This is a repository with some preparatory scripts for getting started running the AMOEBA force field using OpenMM.
This workflow utilizes only OpenMM, even using the modelling utilities inside to parametrize the system. You do not need to install the Tinker-OpenMM interface to use this workflow.
However, this is incapable of handling non-standard residues. You will need to use the standard Tinker workflow in that case.
There are scripts in here to prepare the system for simulation, minimize the structure, and the perform standard dynamics (NVE, NVT, and NpT).
This whole workflow is implemented in Python. You will need to have the following tools installed:
The easiest way to get all of this up and working is to install
Anaconda or
Miniconda. You can then use conda
to install OpenMM quickly and easily! Use the following command:
conda install -c omnia openmm parmed
Note: if you used Miniconda, you will also need to install numpy via the
command:
conda install numpy
The prep_openmm.py script will take a PDB file (that you should have
prepared and solvated previously using something like tleap from the
AmberTools suite of programs) that has unit cell information (stored as a
CRYST1 record) and parametrize it with a target force field.

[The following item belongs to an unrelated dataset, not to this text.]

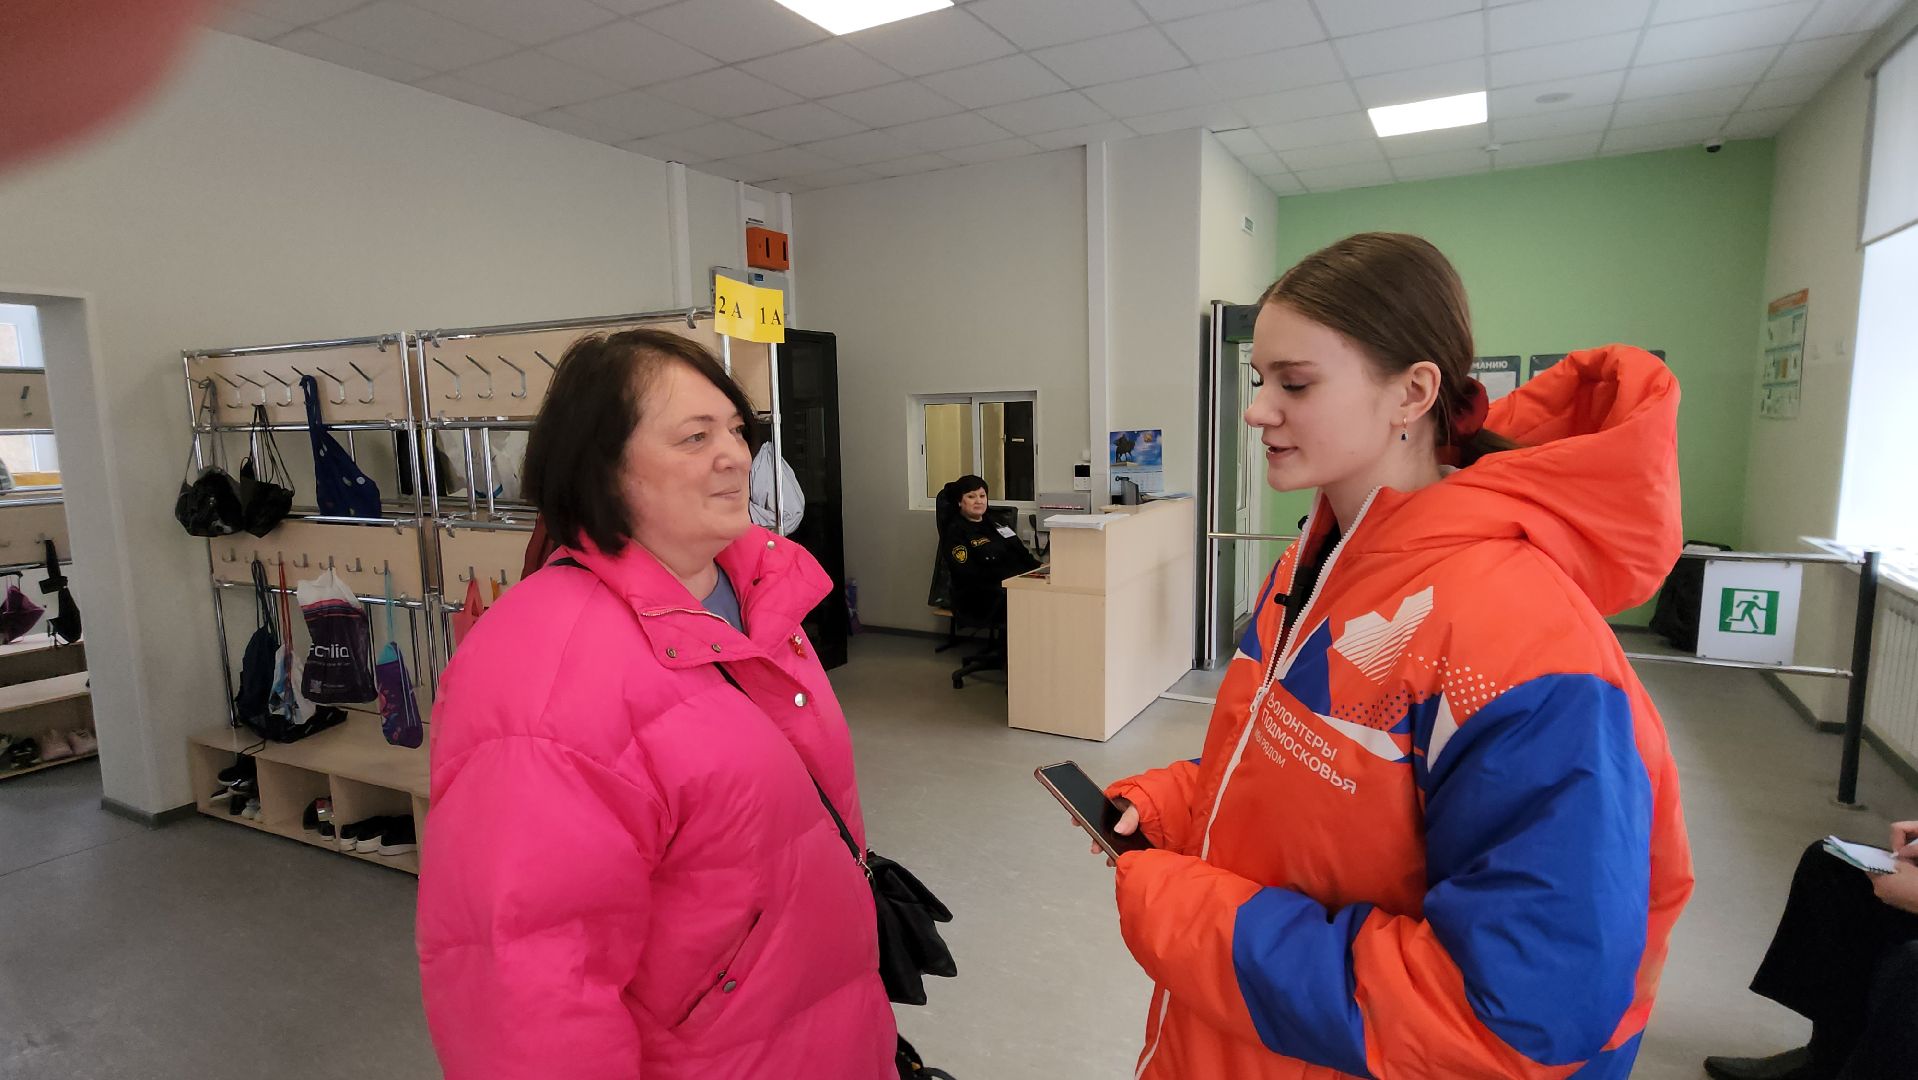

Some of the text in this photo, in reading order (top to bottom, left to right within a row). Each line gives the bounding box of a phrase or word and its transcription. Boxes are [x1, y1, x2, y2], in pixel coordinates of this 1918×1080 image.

To use prep_openmm.py, you can ask for help via the --help flag. A
sample command-line that will create a system.xml file from
structure.pdb using the AMOEBA 2013 protein force field is shown below:
prep_openmm.py -p structure.pdb -f amoeba2013 -s system.xml
For standard AMOEBA simulations, most of the defaults are appropriate. This is also the stage where you would implement H-mass repartitioning or SHAKE to try and limit high-frequency motions.
The minimize.py script is responsible for doing a local geometry
optimization (using OpenMM's LBFGS minimizer). It takes both an XML file of a
serialized OpenMM System and a PDB file as the source of coordinates. It
produces an XML file of a serialized OpenMM State (which contains the minimized
coordinates) for use in the next step.
The main engine here for running dynamics is runmd.py. There are many
options, and this can be used to run restrained dynamics, NVT, NpT (with either
anisotropic or isotropic pressure scaling using the Monte-Carlo Barostat), or
NVE. Note that for NVE, you should set an appropriately small default induced
dipole tolerance in the preparatory step.
Like with the other Python scripts here, you can use the -h/--help flags to
get a full listing of the available options.
This script will generate a tab-delimited output file with energies and other state variables, a NetCDF trajectory file (that can be analyzed alongside the original PDB file with any trajectory analysis program, like cpptraj and pytraj), and a NetCDF restart file for use in continuing the simulation.